==== RECORDS PROVIDED
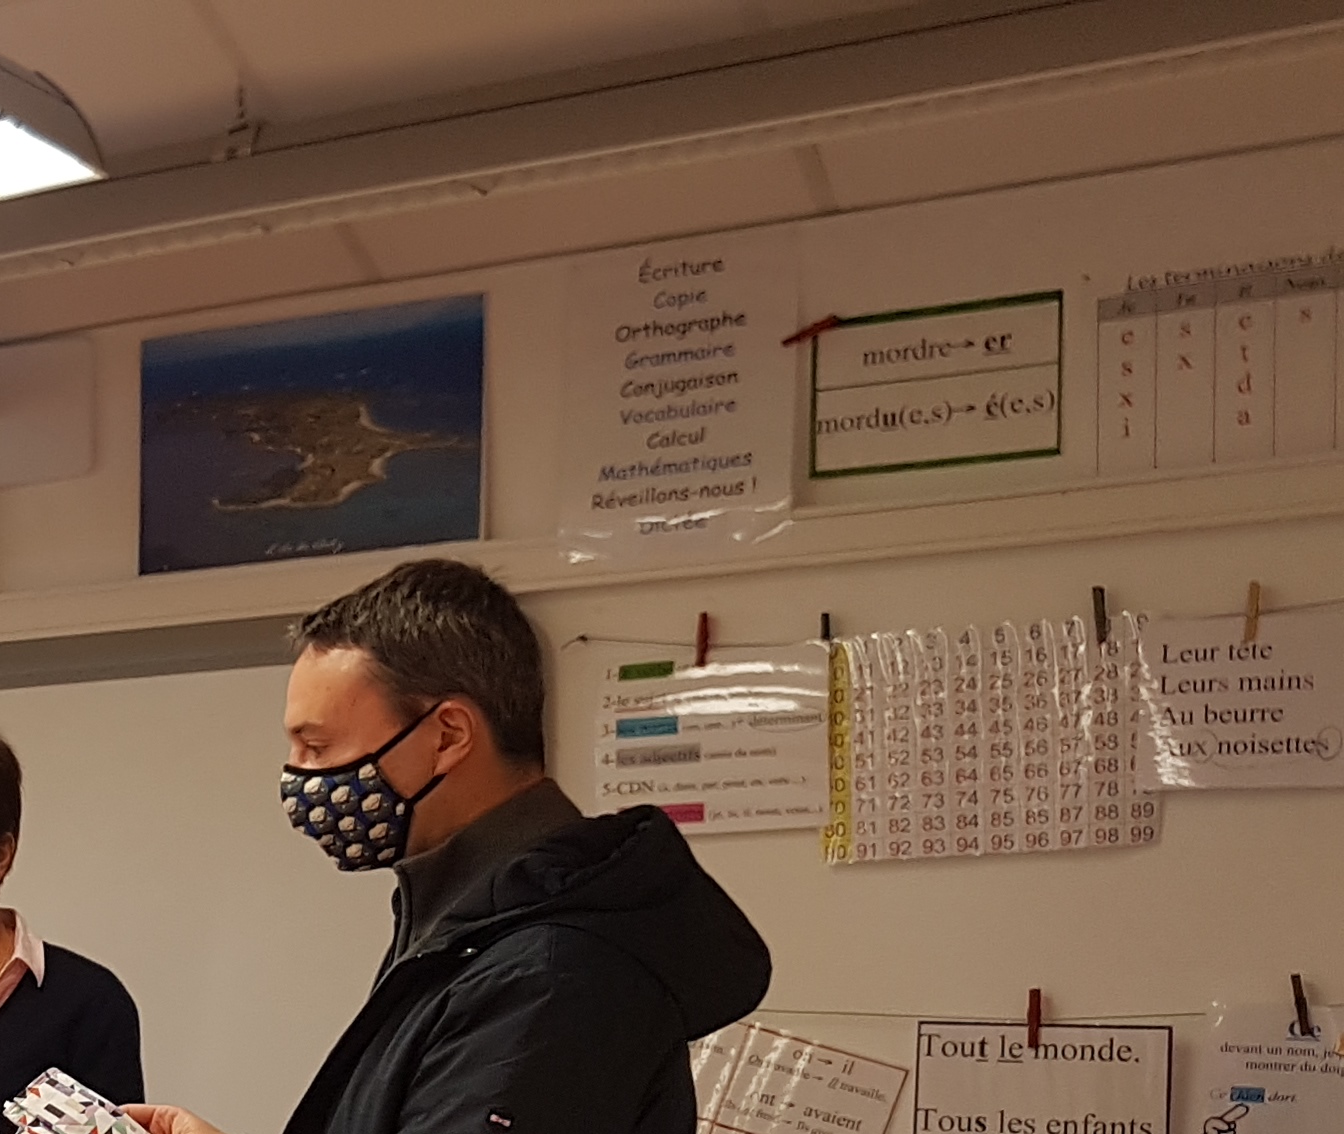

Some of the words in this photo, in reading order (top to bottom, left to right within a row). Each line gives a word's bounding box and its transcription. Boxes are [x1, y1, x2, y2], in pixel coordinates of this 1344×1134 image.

[638, 254, 726, 285] Écriture
[652, 288, 709, 311] Copie
[615, 310, 748, 343] Orthographe
[624, 343, 736, 370] Grammaire
[863, 337, 952, 367] mordre
[982, 332, 1012, 354] er
[619, 371, 740, 399] Conjugaison
[1236, 371, 1252, 394] d
[619, 400, 737, 425] Vocabulaire
[645, 426, 707, 450] Calcul
[597, 451, 754, 482] Mathématiques
[590, 481, 745, 511] Réveillons-nous
[1162, 644, 1221, 664] Leur
[1161, 675, 1229, 696] Leurs
[1239, 669, 1315, 691] mains
[1162, 706, 1194, 726] Au
[1203, 702, 1284, 725] beurre
[1217, 732, 1330, 756] noisettes
[856, 819, 876, 835] 81
[889, 817, 911, 834] 82
[922, 815, 946, 832] 83
[956, 813, 979, 830] 84
[991, 811, 1014, 828] 85
[1025, 809, 1049, 826] 86
[1060, 806, 1083, 823] 87
[1095, 804, 1119, 821] 88
[1131, 801, 1154, 820] 89
[856, 841, 877, 859] 91
[889, 840, 911, 857] 92
[922, 838, 946, 855] 93
[956, 836, 979, 853] 94
[991, 834, 1014, 851] 95
[1025, 831, 1049, 849] 96
[1060, 829, 1083, 847] 97
[1095, 827, 1119, 845] 98
[1130, 825, 1154, 844] 99
[920, 1032, 990, 1061] Tout
[998, 1034, 1023, 1061] le
[1034, 1037, 1140, 1064] monde.
[1220, 1041, 1263, 1054] devant
[1266, 1046, 1283, 1056] un
[841, 1059, 855, 1076] il
[1245, 1060, 1297, 1073] montrer
[1299, 1061, 1317, 1073] du
[803, 1105, 863, 1132] avaient
[916, 1107, 988, 1134] Tous
========
Pictures aside, every entry above must be repeated exactly.

RESULT -
Some of the words in this photo, in reading order (top to bottom, left to right within a row). Each line gives a word's bounding box and its transcription. Boxes are [x1, y1, x2, y2], in pixel coordinates of this 1344×1134 image.

[638, 254, 726, 285] Écriture
[652, 288, 709, 311] Copie
[615, 310, 748, 343] Orthographe
[624, 343, 736, 370] Grammaire
[863, 337, 952, 367] mordre
[982, 332, 1012, 354] er
[619, 371, 740, 399] Conjugaison
[1236, 371, 1252, 394] d
[619, 400, 737, 425] Vocabulaire
[645, 426, 707, 450] Calcul
[597, 451, 754, 482] Mathématiques
[590, 481, 745, 511] Réveillons-nous
[1162, 644, 1221, 664] Leur
[1161, 675, 1229, 696] Leurs
[1239, 669, 1315, 691] mains
[1162, 706, 1194, 726] Au
[1203, 702, 1284, 725] beurre
[1217, 732, 1330, 756] noisettes
[856, 819, 876, 835] 81
[889, 817, 911, 834] 82
[922, 815, 946, 832] 83
[956, 813, 979, 830] 84
[991, 811, 1014, 828] 85
[1025, 809, 1049, 826] 86
[1060, 806, 1083, 823] 87
[1095, 804, 1119, 821] 88
[1131, 801, 1154, 820] 89
[856, 841, 877, 859] 91
[889, 840, 911, 857] 92
[922, 838, 946, 855] 93
[956, 836, 979, 853] 94
[991, 834, 1014, 851] 95
[1025, 831, 1049, 849] 96
[1060, 829, 1083, 847] 97
[1095, 827, 1119, 845] 98
[1130, 825, 1154, 844] 99
[920, 1032, 990, 1061] Tout
[998, 1034, 1023, 1061] le
[1034, 1037, 1140, 1064] monde.
[1220, 1041, 1263, 1054] devant
[1266, 1046, 1283, 1056] un
[841, 1059, 855, 1076] il
[1245, 1060, 1297, 1073] montrer
[1299, 1061, 1317, 1073] du
[803, 1105, 863, 1132] avaient
[916, 1107, 988, 1134] Tous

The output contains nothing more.